Once your negative feelings start interfering with your everyday life and become near-constant — you’ve probably entered into the first stages of a serious depression.
Besides these, some of the other warning signs of depression include:
- Withdrawal from your social life
- Prolonged feelings of guilt or worthlessness
- Loss of interest in hobbies or other regular activities
- Sleep disorders (including both regular oversleeping and insomnia)
- Tendency for self-harm or risky behavior
If you notice any of these symptoms, it’s imperative to seek professional aid immediately. Find therapists, psychiatrists, and other medical professionals who can provide necessary support and treatment.
Remember, seeking professional help is a sign of strength, not weakness. It’s also sometimes necessary to process your sadness and stave off depression.
Dealing With Memories
If your sadness has been triggered by a specific event or series of events, it’s easy to be retraumatized when you encounter related triggers. For example, your trauma may resurface when you walk down a specific street or near a location that brings back painful memories. In some cases, specific dates can be triggers as well. Unfortunately, these memories aren’t something you can get rid of completely. In most cases, the best you can do is to dull the sharp edges of grief down to something more manageable.
There are multiple techniques for dealing with traumatic memories and sadness in general, including:
- Journaling — jotting down your thoughts and feelings can make processing emotions seem more real and intentional.
- Joining support groups — exchanging experiences with people going through similar situations can help, make you feel empowered, and provide you with unique insights.

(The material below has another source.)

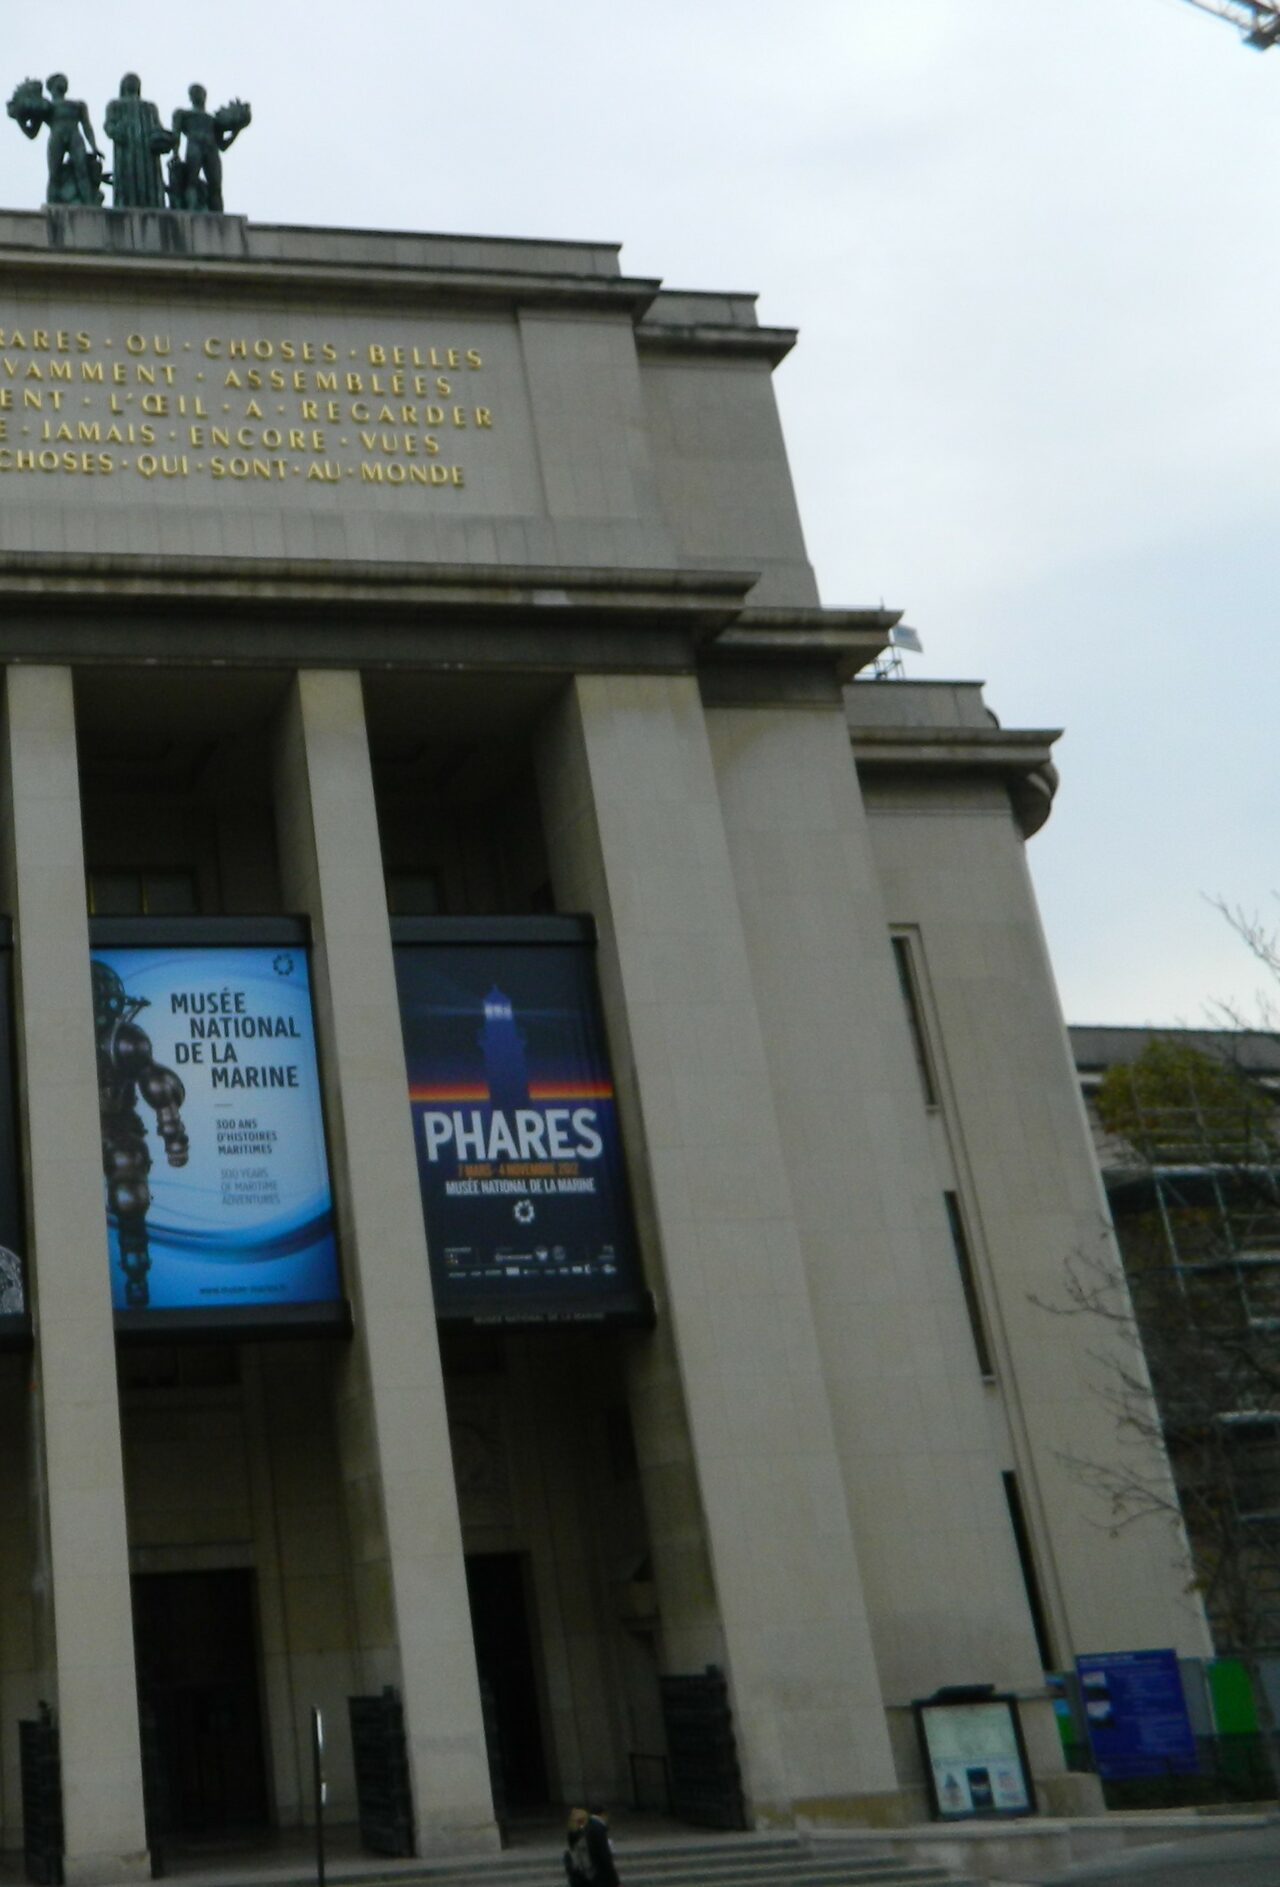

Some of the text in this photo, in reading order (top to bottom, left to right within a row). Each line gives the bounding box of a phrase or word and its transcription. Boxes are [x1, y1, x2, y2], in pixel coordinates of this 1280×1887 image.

- Meditation — learning to empty your mind and focus only on the current moment can help you feel less overwhelmed by the past.
Besides these methods, remember that physical activity and fitness have a proven positive effect on your emotional well-being. You don’t have to become an Olympic-level athlete to feel the benefits either — a brisk walk and some fresh air each day will do just fine, or some yoga.
Wrapping Up
The geometry of sadness is complex and diverse, with a vast array of different emotional shapes. Its structure is entirely dependent on your personal experiences and way of life — so there’s no universal solution to sadness. That being said, there are effective ways to process sadness, fight its lingering effects, and prevent it from morphing into full-blown depression.